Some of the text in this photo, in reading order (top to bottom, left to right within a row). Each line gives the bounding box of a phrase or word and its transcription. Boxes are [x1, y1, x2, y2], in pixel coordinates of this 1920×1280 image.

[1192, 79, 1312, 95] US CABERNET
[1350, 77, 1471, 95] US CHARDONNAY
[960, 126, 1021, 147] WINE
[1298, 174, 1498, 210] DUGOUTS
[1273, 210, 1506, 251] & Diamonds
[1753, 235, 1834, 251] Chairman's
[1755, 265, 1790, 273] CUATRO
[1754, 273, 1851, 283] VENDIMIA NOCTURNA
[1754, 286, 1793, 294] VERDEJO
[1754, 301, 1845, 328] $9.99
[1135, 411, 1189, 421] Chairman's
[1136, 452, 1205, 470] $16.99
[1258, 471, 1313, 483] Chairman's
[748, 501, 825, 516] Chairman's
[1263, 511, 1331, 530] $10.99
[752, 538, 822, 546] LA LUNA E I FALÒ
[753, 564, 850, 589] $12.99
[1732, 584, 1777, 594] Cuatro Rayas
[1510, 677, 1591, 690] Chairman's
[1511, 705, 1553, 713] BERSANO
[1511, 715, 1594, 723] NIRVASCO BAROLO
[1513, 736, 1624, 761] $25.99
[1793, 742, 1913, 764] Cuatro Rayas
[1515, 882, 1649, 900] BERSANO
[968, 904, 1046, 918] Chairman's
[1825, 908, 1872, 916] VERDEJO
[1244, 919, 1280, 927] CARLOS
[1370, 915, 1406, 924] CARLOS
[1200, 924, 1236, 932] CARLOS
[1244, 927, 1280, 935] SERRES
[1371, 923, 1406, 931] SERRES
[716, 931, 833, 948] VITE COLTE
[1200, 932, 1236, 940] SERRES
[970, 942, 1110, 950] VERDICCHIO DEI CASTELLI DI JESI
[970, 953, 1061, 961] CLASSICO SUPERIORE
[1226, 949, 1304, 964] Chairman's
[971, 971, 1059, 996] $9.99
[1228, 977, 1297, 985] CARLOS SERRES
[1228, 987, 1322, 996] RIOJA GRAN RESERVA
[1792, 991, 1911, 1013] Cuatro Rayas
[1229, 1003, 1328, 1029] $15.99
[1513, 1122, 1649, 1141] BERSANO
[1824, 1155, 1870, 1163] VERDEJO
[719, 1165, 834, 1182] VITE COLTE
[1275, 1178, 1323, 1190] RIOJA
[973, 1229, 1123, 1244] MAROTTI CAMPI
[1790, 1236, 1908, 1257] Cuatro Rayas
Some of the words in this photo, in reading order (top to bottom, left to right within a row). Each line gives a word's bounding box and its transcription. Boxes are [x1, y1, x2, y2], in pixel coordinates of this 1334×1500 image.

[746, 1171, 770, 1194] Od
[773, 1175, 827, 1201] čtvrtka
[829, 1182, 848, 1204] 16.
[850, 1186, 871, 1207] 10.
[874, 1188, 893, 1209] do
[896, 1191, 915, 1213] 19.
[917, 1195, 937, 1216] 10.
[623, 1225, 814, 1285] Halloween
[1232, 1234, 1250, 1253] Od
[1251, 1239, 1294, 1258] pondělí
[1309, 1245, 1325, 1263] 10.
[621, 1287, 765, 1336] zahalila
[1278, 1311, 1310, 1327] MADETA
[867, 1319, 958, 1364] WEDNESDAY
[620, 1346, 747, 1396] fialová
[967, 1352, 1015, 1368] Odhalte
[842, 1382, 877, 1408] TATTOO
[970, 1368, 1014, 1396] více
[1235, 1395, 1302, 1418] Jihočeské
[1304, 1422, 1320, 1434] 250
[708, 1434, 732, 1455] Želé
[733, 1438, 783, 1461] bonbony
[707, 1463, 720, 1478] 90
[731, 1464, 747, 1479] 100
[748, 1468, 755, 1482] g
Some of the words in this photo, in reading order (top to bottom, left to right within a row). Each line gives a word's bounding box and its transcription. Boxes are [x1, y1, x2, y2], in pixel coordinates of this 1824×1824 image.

━━━━━━━━━━━━━━━━━━━━━━━━━━━━━━

WHAT YOU SHOULD DO: Using the material above, please reproduce each line exactly.

OUTPUT OF THE EXERCISE:
Some of the text in this photo, in reading order (top to bottom, left to right within a row). Each line gives the bounding box of a phrase or word and its transcription. Boxes are [x1, y1, x2, y2], in pixel coordinates of this 1920×1280 image.

[1192, 79, 1312, 95] US CABERNET
[1350, 77, 1471, 95] US CHARDONNAY
[960, 126, 1021, 147] WINE
[1298, 174, 1498, 210] DUGOUTS
[1273, 210, 1506, 251] & Diamonds
[1753, 235, 1834, 251] Chairman's
[1755, 265, 1790, 273] CUATRO
[1754, 273, 1851, 283] VENDIMIA NOCTURNA
[1754, 286, 1793, 294] VERDEJO
[1754, 301, 1845, 328] $9.99
[1135, 411, 1189, 421] Chairman's
[1136, 452, 1205, 470] $16.99
[1258, 471, 1313, 483] Chairman's
[748, 501, 825, 516] Chairman's
[1263, 511, 1331, 530] $10.99
[752, 538, 822, 546] LA LUNA E I FALÒ
[753, 564, 850, 589] $12.99
[1732, 584, 1777, 594] Cuatro Rayas
[1510, 677, 1591, 690] Chairman's
[1511, 705, 1553, 713] BERSANO
[1511, 715, 1594, 723] NIRVASCO BAROLO
[1513, 736, 1624, 761] $25.99
[1793, 742, 1913, 764] Cuatro Rayas
[1515, 882, 1649, 900] BERSANO
[968, 904, 1046, 918] Chairman's
[1825, 908, 1872, 916] VERDEJO
[1244, 919, 1280, 927] CARLOS
[1370, 915, 1406, 924] CARLOS
[1200, 924, 1236, 932] CARLOS
[1244, 927, 1280, 935] SERRES
[1371, 923, 1406, 931] SERRES
[716, 931, 833, 948] VITE COLTE
[1200, 932, 1236, 940] SERRES
[970, 942, 1110, 950] VERDICCHIO DEI CASTELLI DI JESI
[970, 953, 1061, 961] CLASSICO SUPERIORE
[1226, 949, 1304, 964] Chairman's
[971, 971, 1059, 996] $9.99
[1228, 977, 1297, 985] CARLOS SERRES
[1228, 987, 1322, 996] RIOJA GRAN RESERVA
[1792, 991, 1911, 1013] Cuatro Rayas
[1229, 1003, 1328, 1029] $15.99
[1513, 1122, 1649, 1141] BERSANO
[1824, 1155, 1870, 1163] VERDEJO
[719, 1165, 834, 1182] VITE COLTE
[1275, 1178, 1323, 1190] RIOJA
[973, 1229, 1123, 1244] MAROTTI CAMPI
[1790, 1236, 1908, 1257] Cuatro Rayas
Some of the words in this photo, in reading order (top to bottom, left to right within a row). Each line gives a word's bounding box and its transcription. Boxes are [x1, y1, x2, y2], in pixel coordinates of this 1334×1500 image.

[746, 1171, 770, 1194] Od
[773, 1175, 827, 1201] čtvrtka
[829, 1182, 848, 1204] 16.
[850, 1186, 871, 1207] 10.
[874, 1188, 893, 1209] do
[896, 1191, 915, 1213] 19.
[917, 1195, 937, 1216] 10.
[623, 1225, 814, 1285] Halloween
[1232, 1234, 1250, 1253] Od
[1251, 1239, 1294, 1258] pondělí
[1309, 1245, 1325, 1263] 10.
[621, 1287, 765, 1336] zahalila
[1278, 1311, 1310, 1327] MADETA
[867, 1319, 958, 1364] WEDNESDAY
[620, 1346, 747, 1396] fialová
[967, 1352, 1015, 1368] Odhalte
[842, 1382, 877, 1408] TATTOO
[970, 1368, 1014, 1396] více
[1235, 1395, 1302, 1418] Jihočeské
[1304, 1422, 1320, 1434] 250
[708, 1434, 732, 1455] Želé
[733, 1438, 783, 1461] bonbony
[707, 1463, 720, 1478] 90
[731, 1464, 747, 1479] 100
[748, 1468, 755, 1482] g
Some of the words in this photo, in reading order (top to bottom, left to right within a row). Each line gives a word's bounding box and its transcription. Boxes are [x1, y1, x2, y2], in pixel coordinates of this 1824×1824 image.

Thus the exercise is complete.